Exercise instructions: Reproduce all of the entries below exactly, without images.

***** Material for this exercise

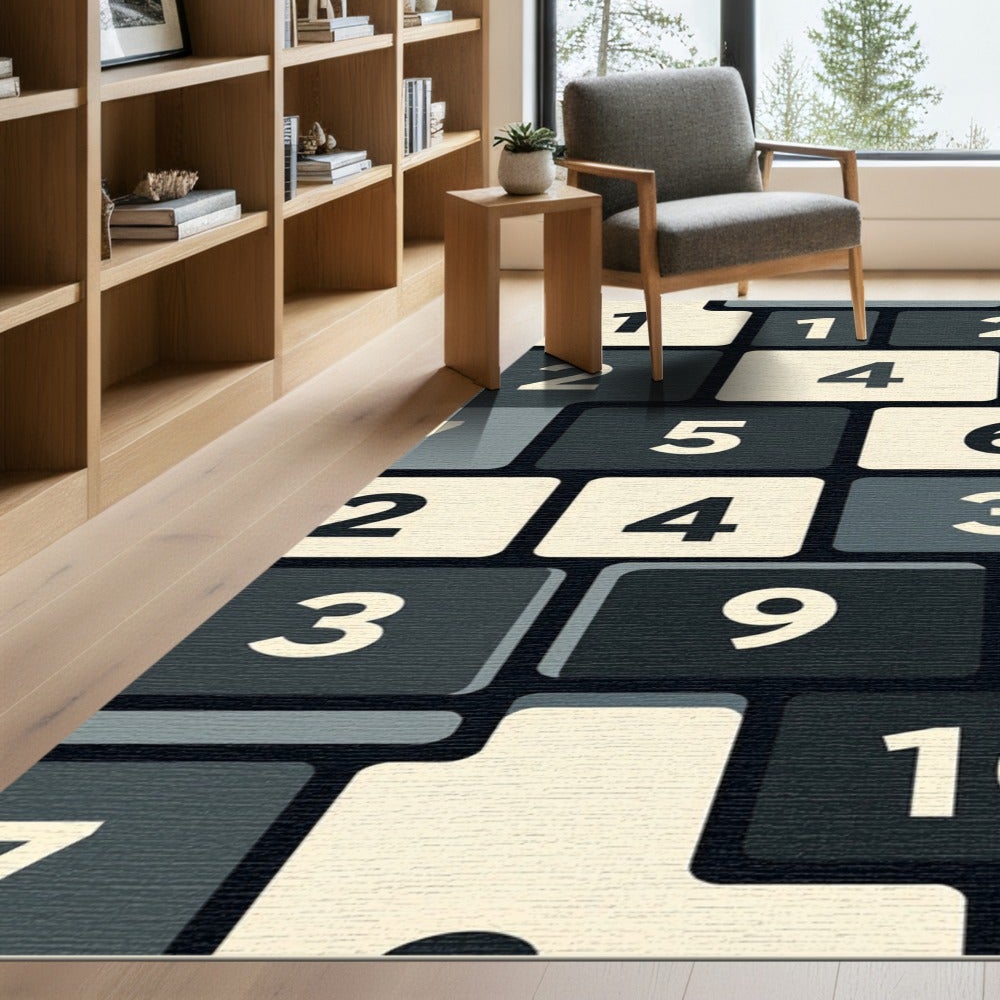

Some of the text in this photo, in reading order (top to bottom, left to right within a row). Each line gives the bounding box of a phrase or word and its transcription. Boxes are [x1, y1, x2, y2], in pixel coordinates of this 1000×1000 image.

[613, 312, 647, 333] 1
[797, 318, 835, 338] 1
[517, 363, 613, 390] 2
[817, 362, 904, 388] 4
[649, 421, 747, 454] 5
[307, 493, 428, 538] 2
[622, 497, 738, 541] 4
[248, 591, 405, 658] 3
[722, 587, 837, 649] 9

**********

Written response:
Some of the text in this photo, in reading order (top to bottom, left to right within a row). Each line gives the bounding box of a phrase or word and its transcription. Boxes are [x1, y1, x2, y2], in pixel coordinates of this 1000×1000 image.

[613, 312, 647, 333] 1
[797, 318, 835, 338] 1
[517, 363, 613, 390] 2
[817, 362, 904, 388] 4
[649, 421, 747, 454] 5
[307, 493, 428, 538] 2
[622, 497, 738, 541] 4
[248, 591, 405, 658] 3
[722, 587, 837, 649] 9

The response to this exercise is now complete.